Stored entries
════════

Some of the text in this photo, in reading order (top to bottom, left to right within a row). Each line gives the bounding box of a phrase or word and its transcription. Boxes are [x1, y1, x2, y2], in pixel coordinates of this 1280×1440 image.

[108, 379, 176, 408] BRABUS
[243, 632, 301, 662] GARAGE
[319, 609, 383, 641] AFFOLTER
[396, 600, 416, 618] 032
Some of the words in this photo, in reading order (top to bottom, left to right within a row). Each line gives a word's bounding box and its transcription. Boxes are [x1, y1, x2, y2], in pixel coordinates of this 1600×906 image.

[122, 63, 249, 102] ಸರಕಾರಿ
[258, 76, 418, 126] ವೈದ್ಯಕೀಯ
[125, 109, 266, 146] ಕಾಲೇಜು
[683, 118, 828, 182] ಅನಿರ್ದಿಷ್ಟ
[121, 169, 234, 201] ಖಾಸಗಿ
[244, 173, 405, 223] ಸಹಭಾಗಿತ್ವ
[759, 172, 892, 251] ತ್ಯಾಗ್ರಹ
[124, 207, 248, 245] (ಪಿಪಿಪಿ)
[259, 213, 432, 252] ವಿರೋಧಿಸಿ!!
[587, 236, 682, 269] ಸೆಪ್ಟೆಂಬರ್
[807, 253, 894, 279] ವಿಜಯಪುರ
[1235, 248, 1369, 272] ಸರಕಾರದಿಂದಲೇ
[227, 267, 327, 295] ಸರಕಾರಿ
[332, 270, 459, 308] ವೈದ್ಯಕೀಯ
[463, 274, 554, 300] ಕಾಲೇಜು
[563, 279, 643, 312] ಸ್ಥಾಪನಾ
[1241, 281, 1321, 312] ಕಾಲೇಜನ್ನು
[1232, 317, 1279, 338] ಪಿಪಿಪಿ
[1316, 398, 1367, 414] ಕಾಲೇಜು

════════

PROBLEM DETAILS ▸ Write the entries out once more, exactly as they were given.

SOLVED EXERCISE ▸
Some of the text in this photo, in reading order (top to bottom, left to right within a row). Each line gives the bounding box of a phrase or word and its transcription. Boxes are [x1, y1, x2, y2], in pixel coordinates of this 1280×1440 image.

[108, 379, 176, 408] BRABUS
[243, 632, 301, 662] GARAGE
[319, 609, 383, 641] AFFOLTER
[396, 600, 416, 618] 032
Some of the words in this photo, in reading order (top to bottom, left to right within a row). Each line gives a word's bounding box and its transcription. Boxes are [x1, y1, x2, y2], in pixel coordinates of this 1600×906 image.

[122, 63, 249, 102] ಸರಕಾರಿ
[258, 76, 418, 126] ವೈದ್ಯಕೀಯ
[125, 109, 266, 146] ಕಾಲೇಜು
[683, 118, 828, 182] ಅನಿರ್ದಿಷ್ಟ
[121, 169, 234, 201] ಖಾಸಗಿ
[244, 173, 405, 223] ಸಹಭಾಗಿತ್ವ
[759, 172, 892, 251] ತ್ಯಾಗ್ರಹ
[124, 207, 248, 245] (ಪಿಪಿಪಿ)
[259, 213, 432, 252] ವಿರೋಧಿಸಿ!!
[587, 236, 682, 269] ಸೆಪ್ಟೆಂಬರ್
[807, 253, 894, 279] ವಿಜಯಪುರ
[1235, 248, 1369, 272] ಸರಕಾರದಿಂದಲೇ
[227, 267, 327, 295] ಸರಕಾರಿ
[332, 270, 459, 308] ವೈದ್ಯಕೀಯ
[463, 274, 554, 300] ಕಾಲೇಜು
[563, 279, 643, 312] ಸ್ಥಾಪನಾ
[1241, 281, 1321, 312] ಕಾಲೇಜನ್ನು
[1232, 317, 1279, 338] ಪಿಪಿಪಿ
[1316, 398, 1367, 414] ಕಾಲೇಜು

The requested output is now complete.